Faculty Sponsor: Jason M. Brown

School: Salem State University

Research Area: Biology

Session: Poster Session 3, 1:15 PM - 2:00 PM, Auditorium, A34

ABSTRACT

Following the loss of cilia, Chlamydomonas reinhardtii can regrow them by inducing hundreds of genes. This research aims to investigate the process of gene regulation as cilia regrow. Luminescent reporter genes, such as luciferase, allow for monitoring the activation of a selected gene’s promoter via light emission. Quantitative PCR (qPCR) enables a more direct measurement of endogenous gene expression. We are working with a reporter strain where the promoter from LC8, a gene known to be upregulated during cilia regeneration, is connected to the Gaussia luciferase coding region. Cells were pH-shocked from pH 7 to pH 4, then back to pH 7, to trigger deciliation and allow for regrowth.
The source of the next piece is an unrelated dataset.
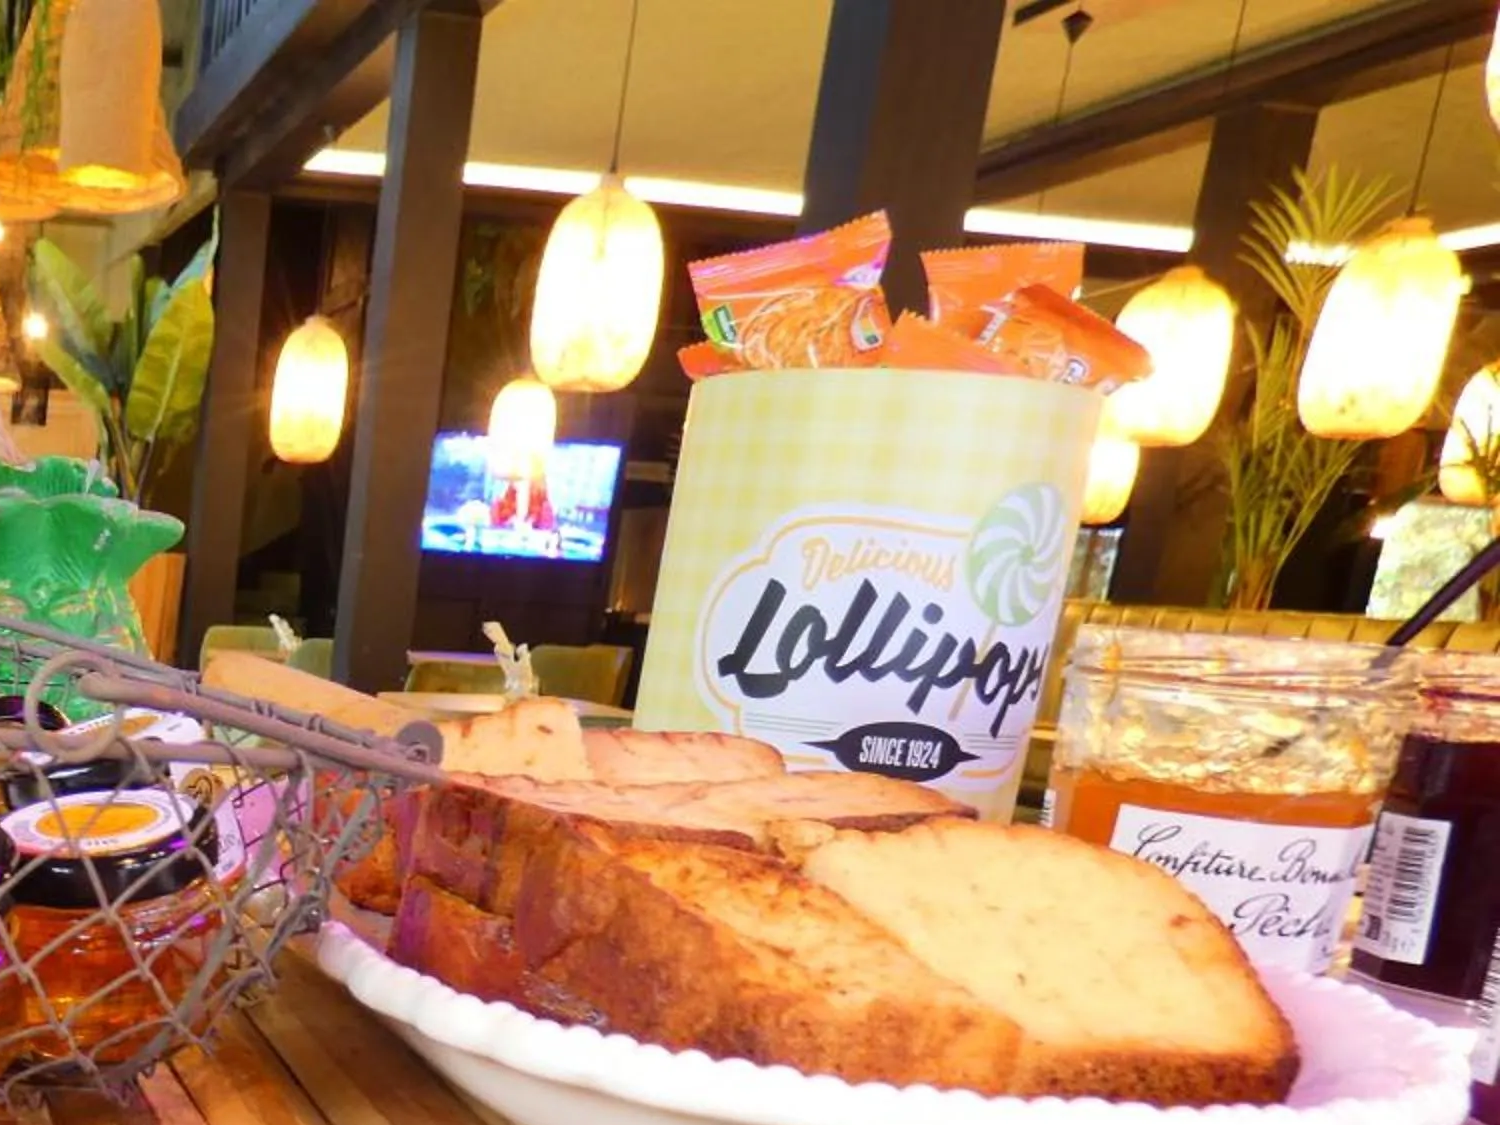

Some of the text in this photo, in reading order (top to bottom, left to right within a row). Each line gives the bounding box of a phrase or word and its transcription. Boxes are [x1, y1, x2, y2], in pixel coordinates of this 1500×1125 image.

[802, 536, 957, 592] Delicious
[859, 735, 942, 769] SINCE 1924
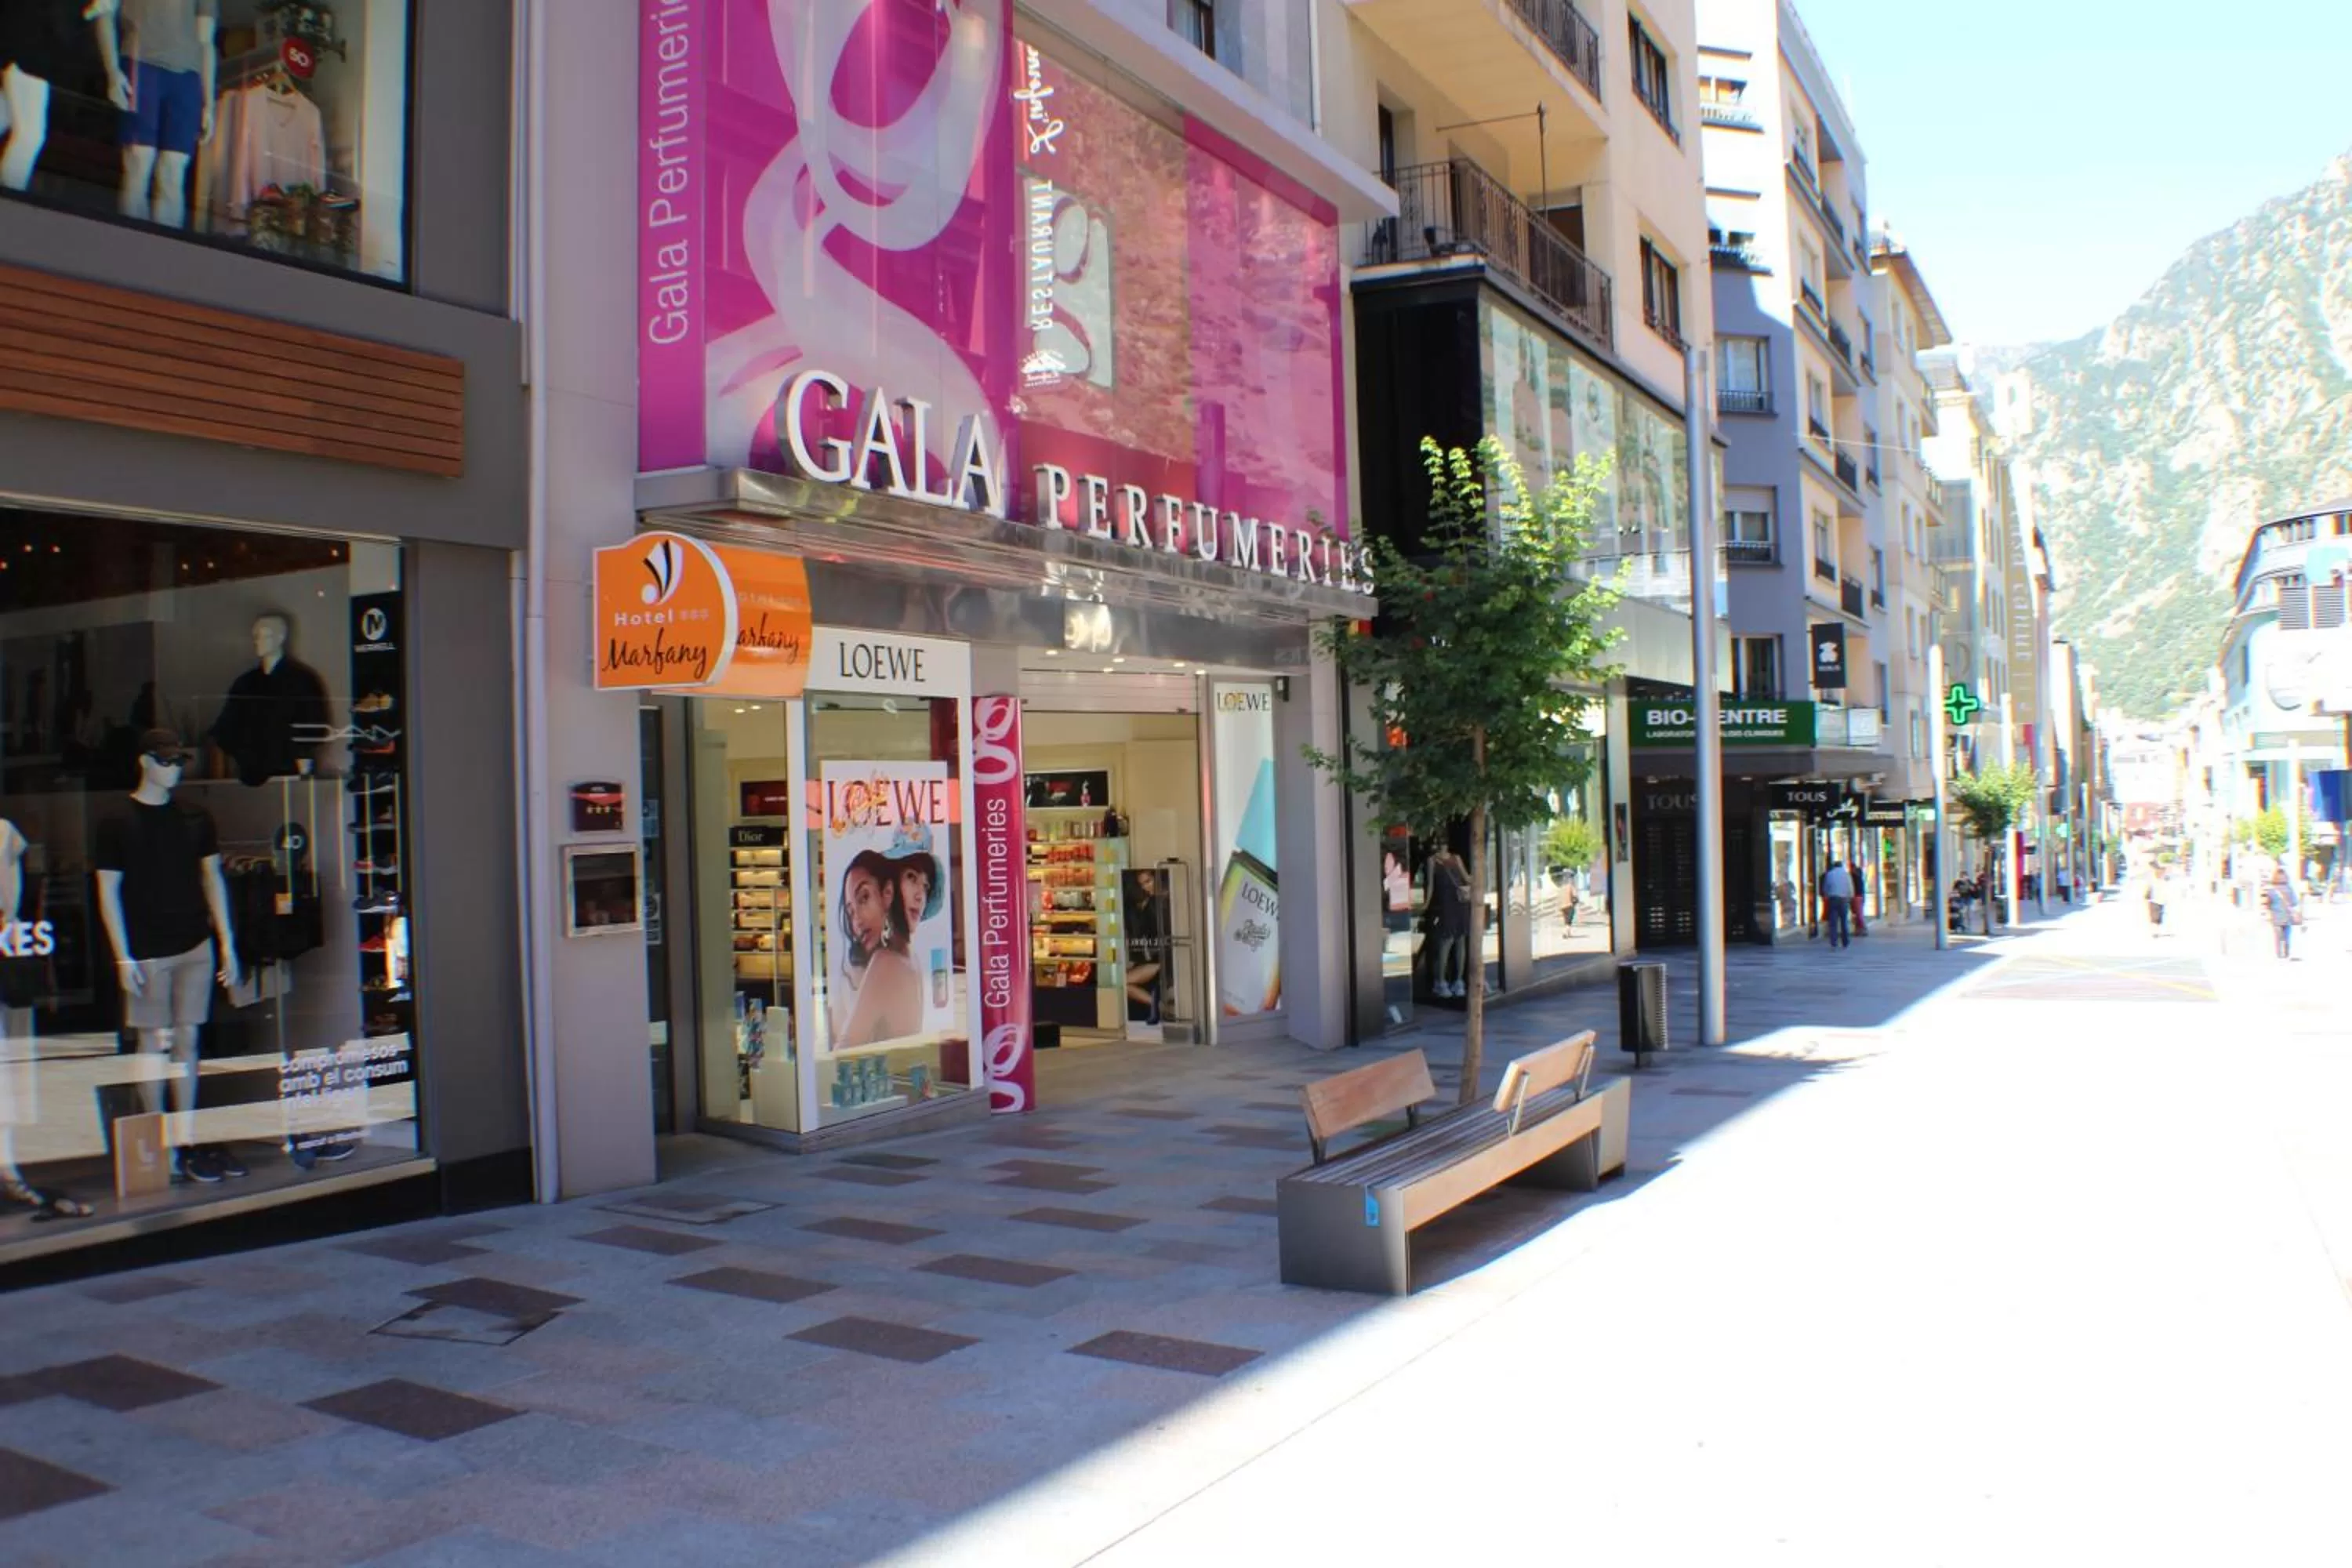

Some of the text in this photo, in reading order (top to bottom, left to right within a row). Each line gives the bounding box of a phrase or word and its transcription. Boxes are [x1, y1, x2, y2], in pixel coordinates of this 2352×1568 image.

Samples were frozen at 0, 30, and 60 minutes for analysis by luminescence assay and isolation of RNA for qPCR. Separate samples at each time point were fixed with iodine and imaged via phase contrast microscopy for cilia measurement. The results of the assays and qPCR will be compared to evaluate the expression of the target gene. Analysis of luminescence assay data indicates activation of the LC8 promoter in wild-type cells post-pH shock. Preliminary evaluation of qPCR values suggests expected amplification of the target gene. Further analysis will be conducted to determine what can be concluded about the gene regulation observed in C. reinhardtii wild-type and mutant cells.